* Action item *
Images should be omitted while the rest of the data is duplicated exactly.
/---
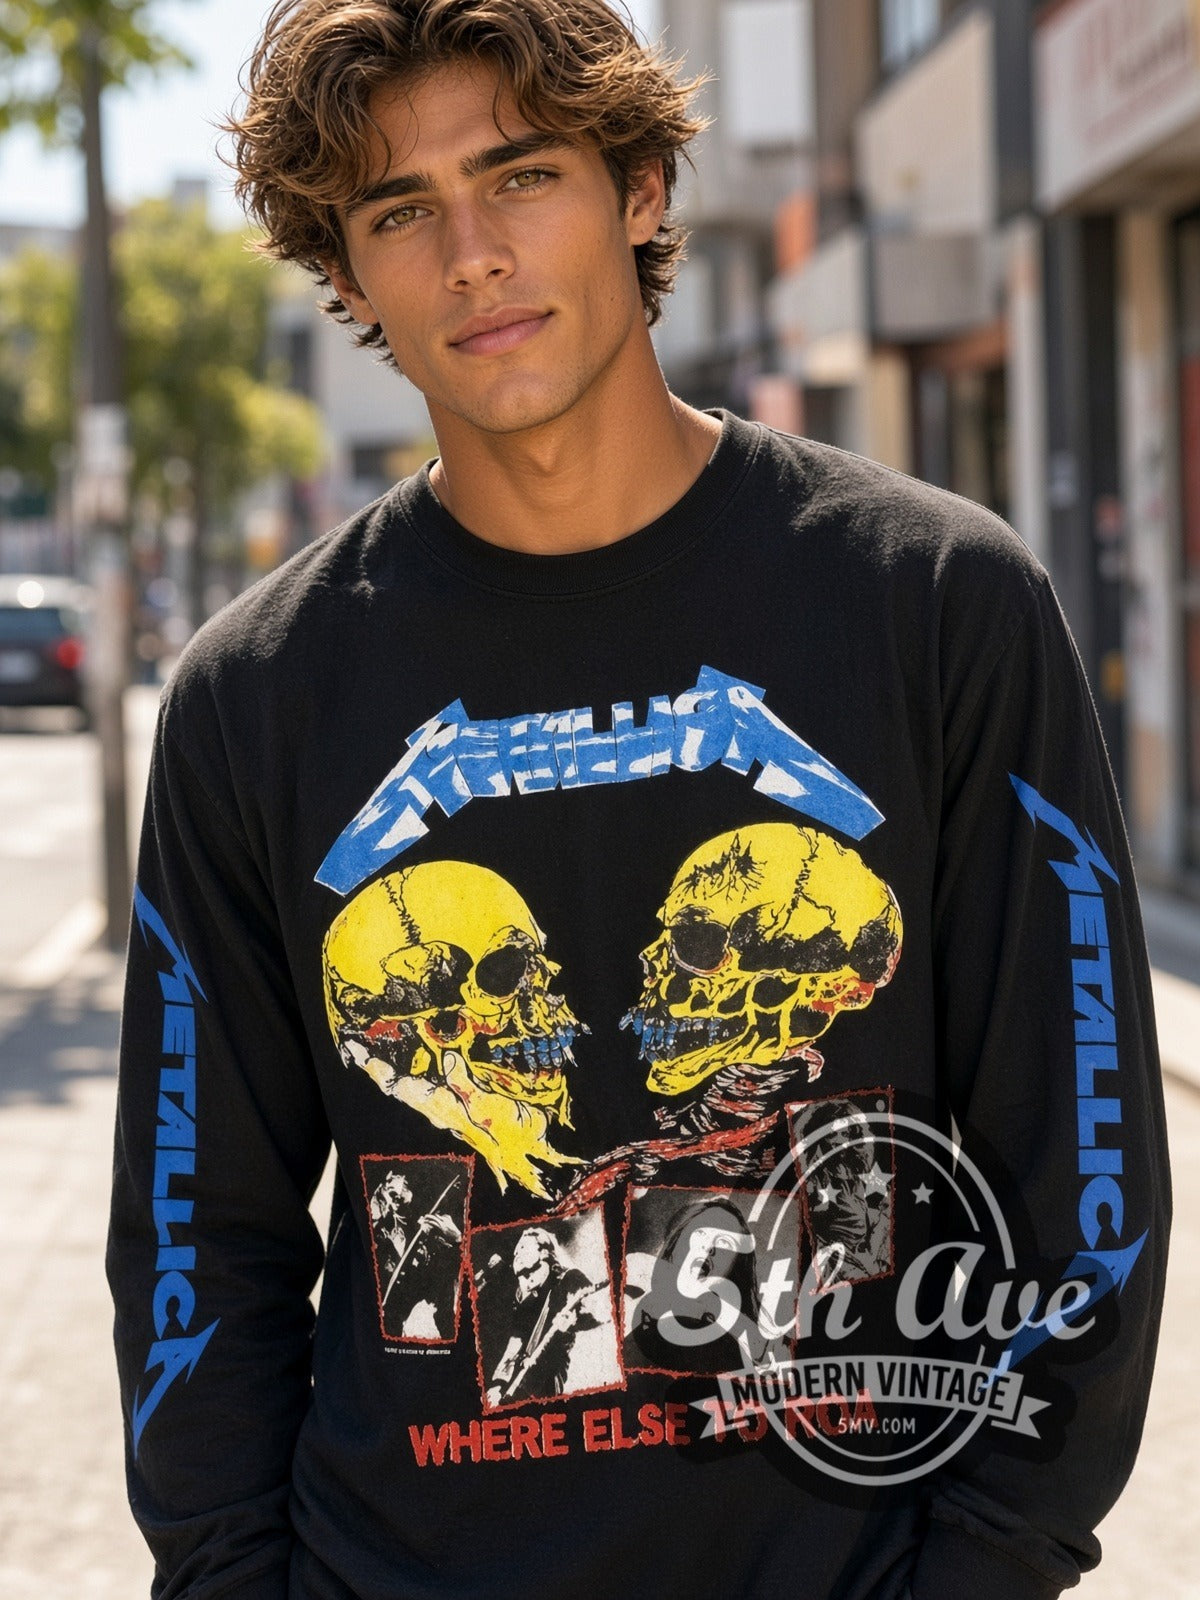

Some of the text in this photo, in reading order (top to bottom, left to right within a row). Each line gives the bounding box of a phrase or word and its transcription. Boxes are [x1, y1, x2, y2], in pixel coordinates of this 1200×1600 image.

[133, 878, 221, 1462] METALLICA
[977, 771, 1150, 1393] METALLICA
[408, 1413, 569, 1467] WHERE
[583, 1403, 691, 1452] ELSE
[703, 1397, 768, 1442] TO
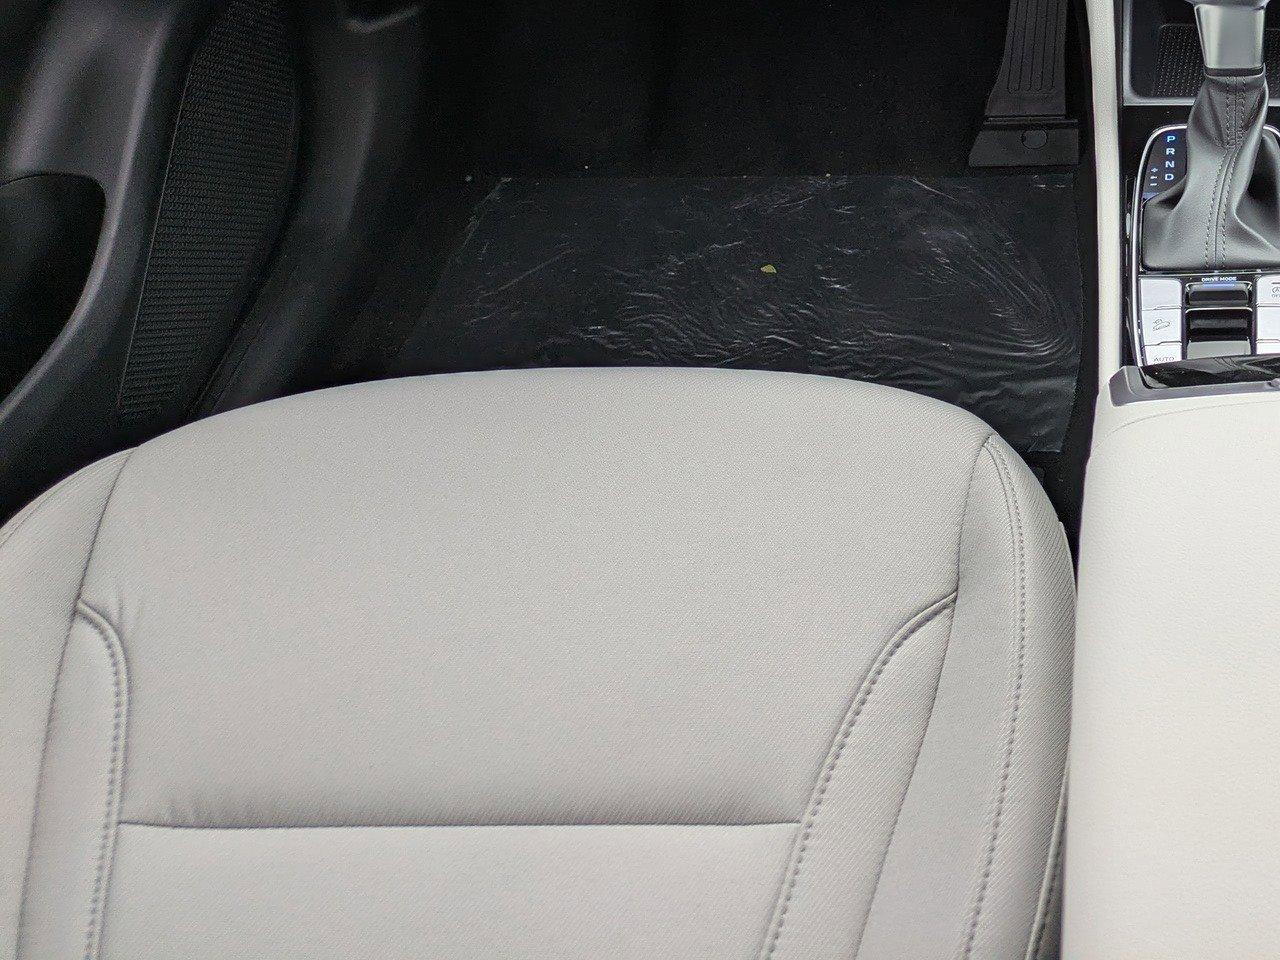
\---
* Response area *
Some of the text in this photo, in reading order (top to bottom, left to right within a row). Each line gives the bounding box of a phrase or word and its transcription. Boxes are [x1, y1, x2, y2], in pixel coordinates of this 1200×1600 image.

[133, 878, 221, 1462] METALLICA
[977, 771, 1150, 1393] METALLICA
[408, 1413, 569, 1467] WHERE
[583, 1403, 691, 1452] ELSE
[703, 1397, 768, 1442] TO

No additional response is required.